In navolging van het thema bedrijfsvoering in hoofdstuk 3 gaan we het gesprek aan met zorgaanbieders met een lager kostenniveau. Op basis van een analyse van jaarrekeningen en kostengegevens blijkt dat er zorgaanbieders zijn die vanwege een laag kostenniveau financieel goed uitkomen met het afgesproken tarief. Het jaarverslag van zorgaanbieders geeft ons inzicht in de kostenopbouw en het resultaat van een zorgaanbieder. Onder historisch lagere kosten verstaan we zorgaanbieders die qua kostenpercentage ruim onder het 75% percentiel zitten en een hoog positief resultaat behalen. Vanuit de maatschappelijke plicht om de zorgkosten laag te houden, gaan we met deze zorgaanbieders in gesprek over de financiële situatie en de redenen hoe deze lagere kosten zijn ontstaan. We betrekken hierbij de jaarrekeningen 2022 en zo mogelijk ook de jaarrekening van 2023 of een conceptjaarrekening van dat jaar. In dat laatste geval maken we een voorbehoud om op de uitkomst van het gesprek terug te komen als de definitieve jaarrekening 2023 daartoe aanleiding geeft.

Met geselecteerde zorgaanbieders, waarvan blijkt dat zij een lager kostenniveau hebben, gaan we in de maanden augustus en september 2024 graag in gesprek over de wijze waarop zij de lagere kosten weten te realiseren en of ze bereid zijn hun werkwijze met anderen te delen.

Daar waar uit het gesprek met de zorgaanbieder blijkt dat het lagere structurele kostenniveau ontstaat doordat zorg en de organisatie anders vormgegeven worden, bijvoorbeeld het werken met lager geschoold personeel, het bieden van een beperkt zorgpalet, historisch lagere kosten of onvoldoende aansluiten op de regionale visie en samenwerking kan dat een reden zijn om in overleg een lager tarief af te spreken.

Het resultaat van dit gesprek kan leiden tot een tariefpercentage dat tenminste 2% lager is dan het richttariefpercentage 2025. De betreffende zorgaanbieders horen begin juli of wij met hen het gesprek aangaan.

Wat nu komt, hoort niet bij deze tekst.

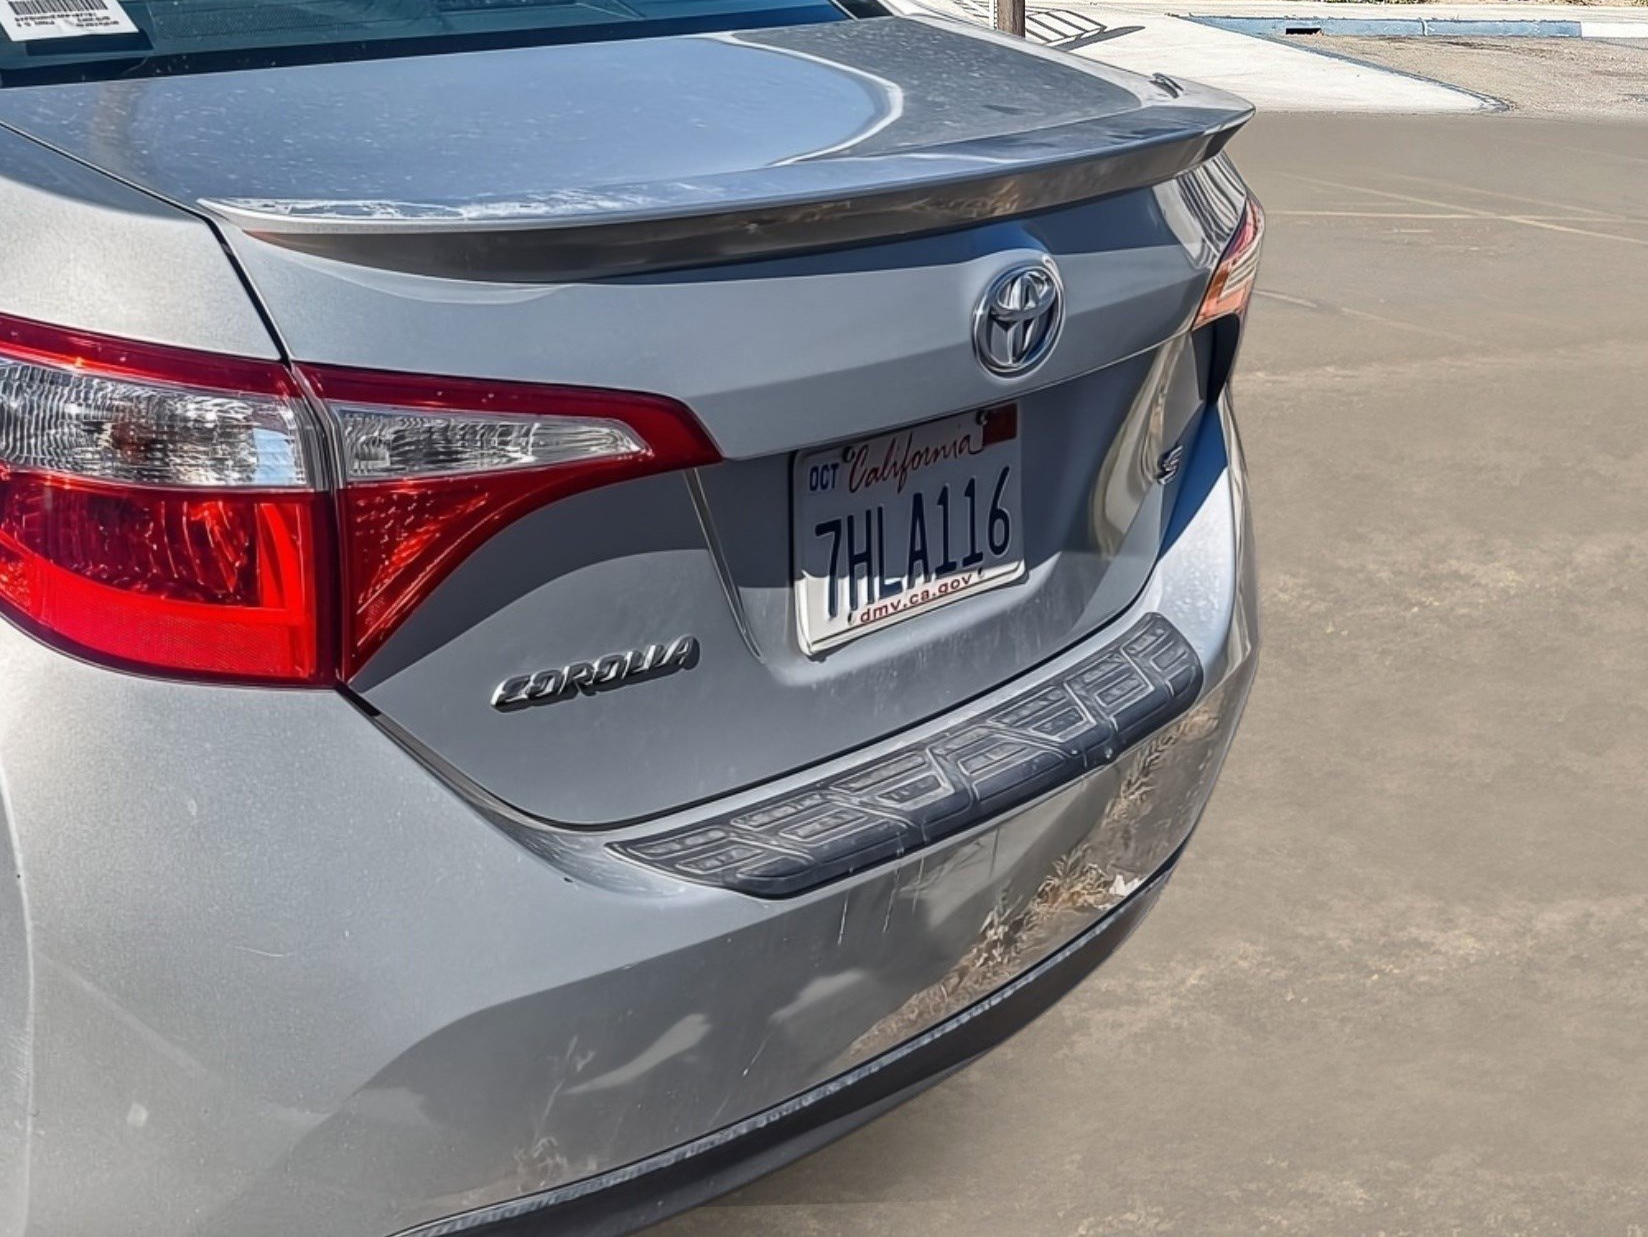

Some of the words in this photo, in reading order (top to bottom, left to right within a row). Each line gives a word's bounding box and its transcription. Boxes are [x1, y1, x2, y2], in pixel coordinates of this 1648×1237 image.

Dit gesprek heeft voor eind september 2024 plaatsgevonden.

Zorgaanbieders die geen actieve bijdrage leveren aan een regionale opgave, zoals opgenomen in het regiobeeld

Elke zorgkantoorregio heeft zijn eigen karakteristieken en uitdagingen. Wij hebben daarom de afgelopen jaren de nadruk gelegd op het samen met de regio ontwikkelen van een regiobeeld. We hebben hiervoor verschillende regionale bijeenkomsten georganiseerd. Samen met de zorgaanbieders benoemden we regionale speerpunten waar we de komende jaren in de regio aan werken. Voor het uitwerken van sommige speerpunten, zijn regionale werkgroepen geformeerd. We hebben gezien dat sommige zorgaanbieders zich hierbij minder actief opstellen dan andere zorgaanbieders. Wij zijn van mening dat we bij zorgaanbieders die zich minder inspannen voor de regio een lager tariefpercentage toe kunnen passen.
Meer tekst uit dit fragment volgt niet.